4.29: Costs consequences of formal offer to settle
10.29: General rule for payment of litigation costs
10.31: Court-ordered costs award
10.33: Court considerations in making costs award

Case Summary

The Defendant successfully defended an action for wrongful dismissal and sought party-and-party Costs against the Plaintiff based on 50% of its solicitors’ bills plus reasonable disbursements.

Justice Poelman referred to Rule 10.29(1) and stated that a successful litigant is presumptively entitled to costs. There is a reasonable expectation that an unsuccessful party is expected to compensate the successful party even where the unsuccessful party acted reasonably throughout the litigation.

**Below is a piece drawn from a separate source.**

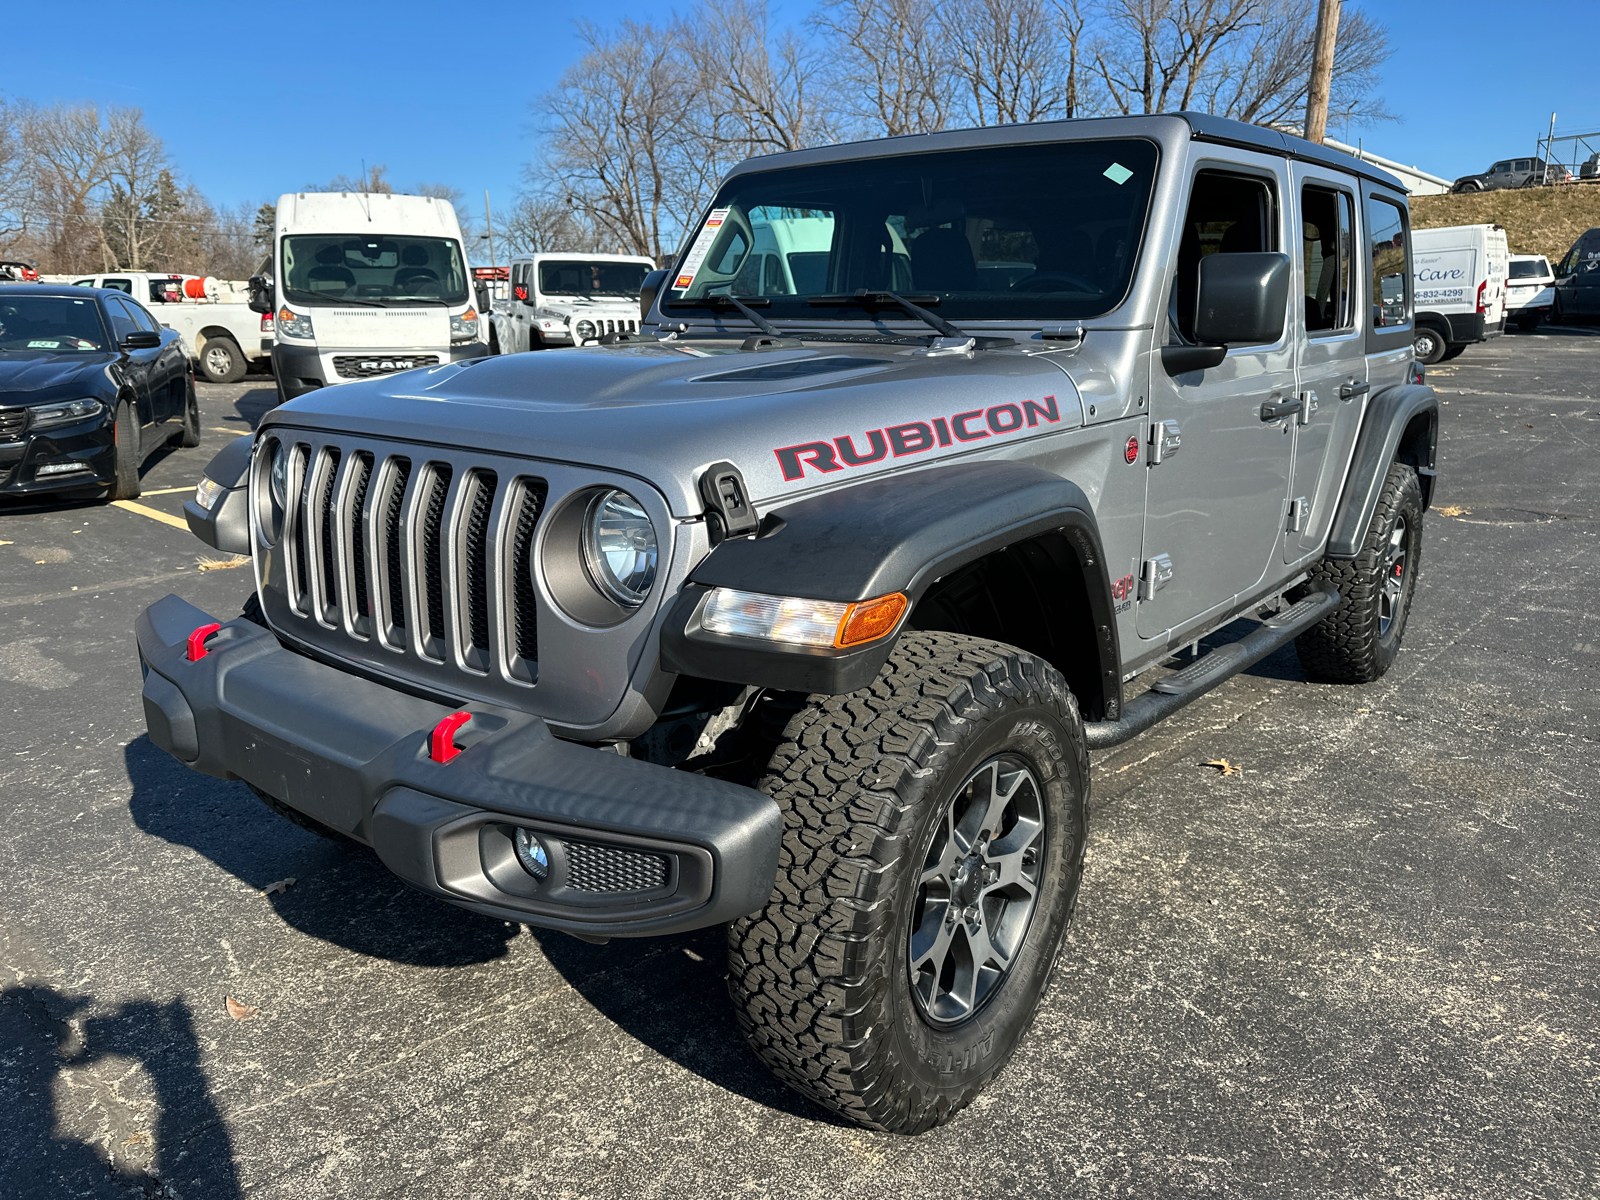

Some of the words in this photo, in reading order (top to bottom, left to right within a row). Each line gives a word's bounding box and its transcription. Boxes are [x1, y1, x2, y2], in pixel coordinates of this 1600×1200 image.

Party-and-party costs, which are costs awarded between litigants, fall intro three broad categories: (a) partial indemnity under the Schedule C tariff, (b) solicitor-client costs, and (c) solicitor-and-own-client costs.

Justice Poelman relied upon McAllister v Calgary (City), 2021 ABCA 25 to state that the weight of recent authorities typically limits the party-and-party costs of a successful litigant to 40 to 50% of actual costs. The 40 to 50% guideline strikes a balance between fully compensating a successful litigant and the “chilling effect” of a cost award on an individual who was unsuccessful in claiming against a major corporation.

In making the cost award, Justice Poelman considered the following factors in Rule 10.33(1): (a) result of action and success of either party; (b) amount claimed and amount recovered; (c) importance of issues; and (d) complexity of the action. The main factors were that the amount claimed was not large and the issues were not complex. Combined with the fact that the parties were far from equal in their resources, Justice Poelman held that costs based on 40 to 50% of the Defendant’s legal fees would be excessive in this case, and instead awarded costs under Schedule C, Column 3.